Why Saleh’s death could be blessing in disguise for Yemen

Al Houthis tried to hurt coalition by killing Saleh but they have also shot themselves in the foot

In this Sept. 3, 2012 file photo, former Yemeni President Ali Abdullah Saleh recites prayers during a ceremony marking the 30th anniversary of his General People’s Congress party in Sanaa, Yemen.

Dubai: The killing of Yemen’s longtime strongman and ex-President Ali Abdullah Saleh by the country’s Shiite rebels as their alliance crumbled amid street clashes in the capital, Sana’a, has thrown the nearly three-year civil war into unpredictable new chaos.

While most analysts say that Saleh’s slaying gives the rebels the upper hand in the short term, the broken alliance between Al Houthis and forces loyal to Saleh appears to be permanent which will help the Yemeni government and its backers in the Saudi-led coalition weaken the grip of Iran-backed Al Houthis on the country.

While politically Al Houthis would have absolute control going forward, they are likely to lose territories given the reduction in manpower, Ayham Kamel, head of Middle East and North Africa at Eurasia Group in London has said.

Irrespective of Saleh’s fate, “the split between Al Houthi forces and the pro-Saleh forces appears to be permanent and appears to set a new stage in the Yemen conflict,” he added.

“Saleh has always been a skillful politician who shifted alliances based on regional dynamics. In that respect he was both part of the problem in Yemen and part of the solution,” Kamel said.

“On the surface, Saudi Arabia losing a freshly minted powerful ally in Yemen looks like a loss,” said Hani Sabra, founder of New York-based Alef Advisory. But the Saudis are likely to benefit as “Saleh was untrustworthy and a double-crosser, and his death will allow Saudi Arabia to reach out to potentially more pliable pro-Saleh figures and family members.”

On Monday, Al Houthis released a video, apparently shot by one of the attackers, showing an Al Houthi crowd picking up Saleh’s dead body, wrapped in a blanket, off the ground and lifting it onto a pickup truck.

Saleh’s eyes appeared wide open, the back of his head badly injured, and his shirt blood stained under a dark suit.

A senior Yemeni government official and some of Saleh’s associates, such as Nabil Al Soufi and Ali Al Bukhiti, confirmed his death on social media and TV interviews.

Saleh ruled Yemen for more than three decades until he was forced to resign following an Arab Spring uprising in 2011.

He remained in the country, however, and continued to wield power from behind the scenes. In 2014, his forces allied with Al Houthi militia, despite the fact that as president he had gone to war with them on more than one occasion.

The alliance between Al Houthis and Saleh splintered last week, setting off heavy clashes between Al Houthis and Saleh’s forces.

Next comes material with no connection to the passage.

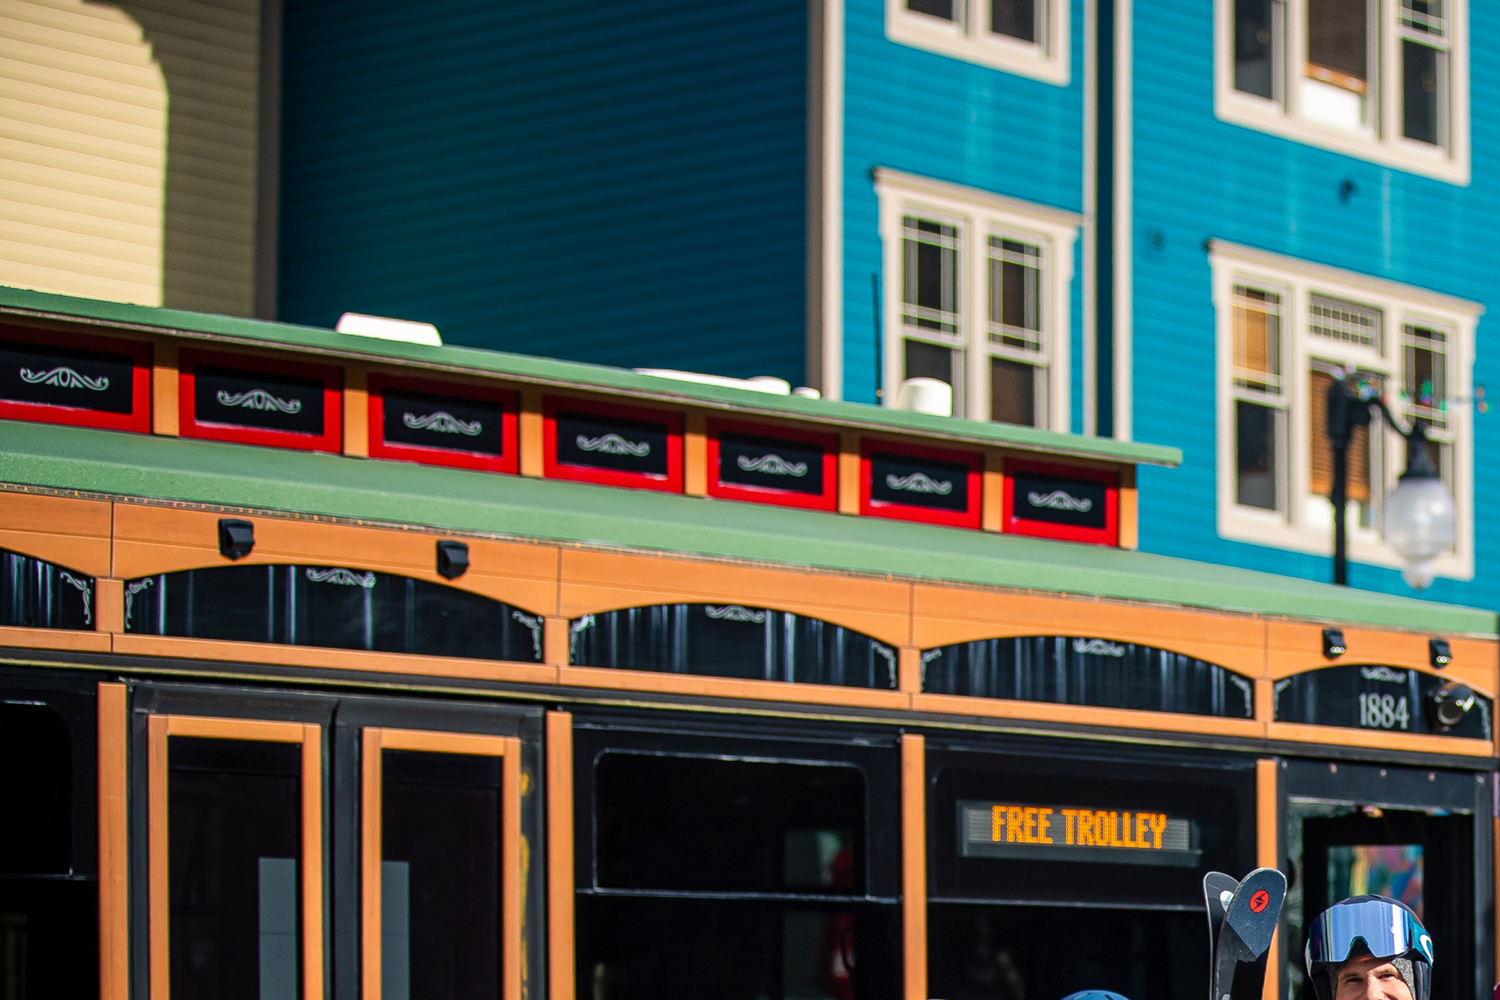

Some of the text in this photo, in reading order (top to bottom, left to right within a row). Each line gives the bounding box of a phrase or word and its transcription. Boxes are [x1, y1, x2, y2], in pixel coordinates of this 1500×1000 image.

[1359, 691, 1409, 731] 1884
[991, 804, 1167, 849] FREE TROLLEY
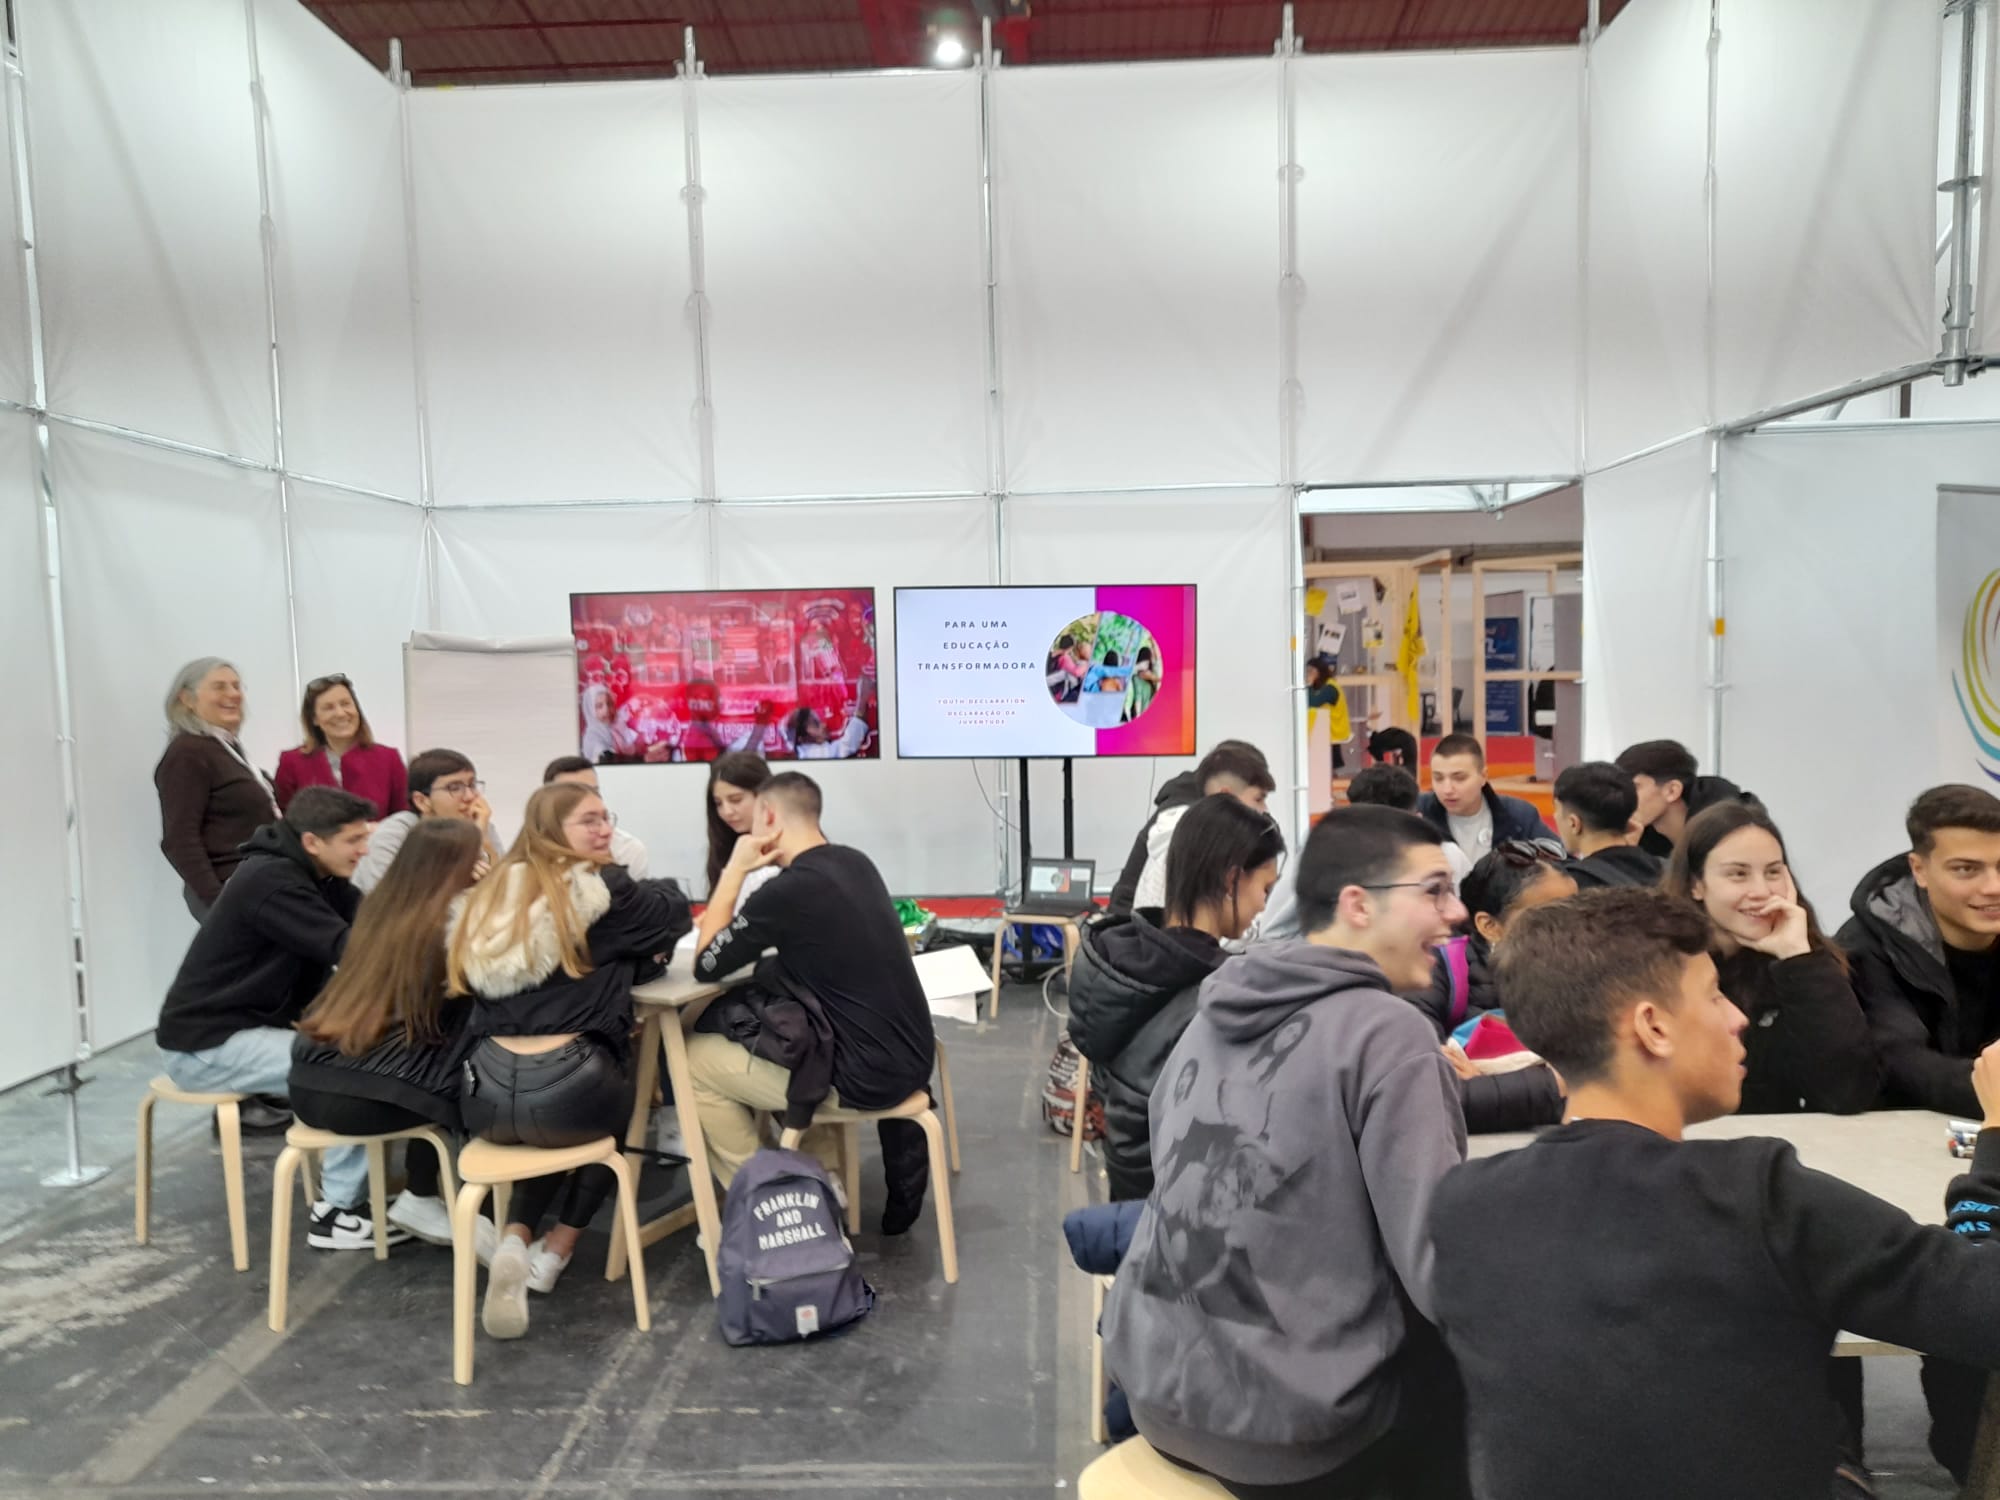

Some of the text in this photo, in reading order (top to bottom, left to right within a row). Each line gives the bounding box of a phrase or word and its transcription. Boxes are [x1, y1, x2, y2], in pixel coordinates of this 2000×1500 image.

“Saleh was such a towering figure in Yemeni politics, and he was always the person best able to speak to absolutely everyone, that it’s difficult to see anyone else being able to fill his shoes,” said Peter Salisbury, senior research fellow at Chatham House’s Middle East & North Africa Programme.

Saleh’s death has deprived the Saudi-led alliance of the one person they could have struck a deal with – because he was able to rally other factions behind him, Salisbury said.

For the Saudis “the gloves are off,” he said. “They will do everything possible now to destroy Al Houthis and they will be willing to impose a much higher cost on the northwest of Yemen than before.’’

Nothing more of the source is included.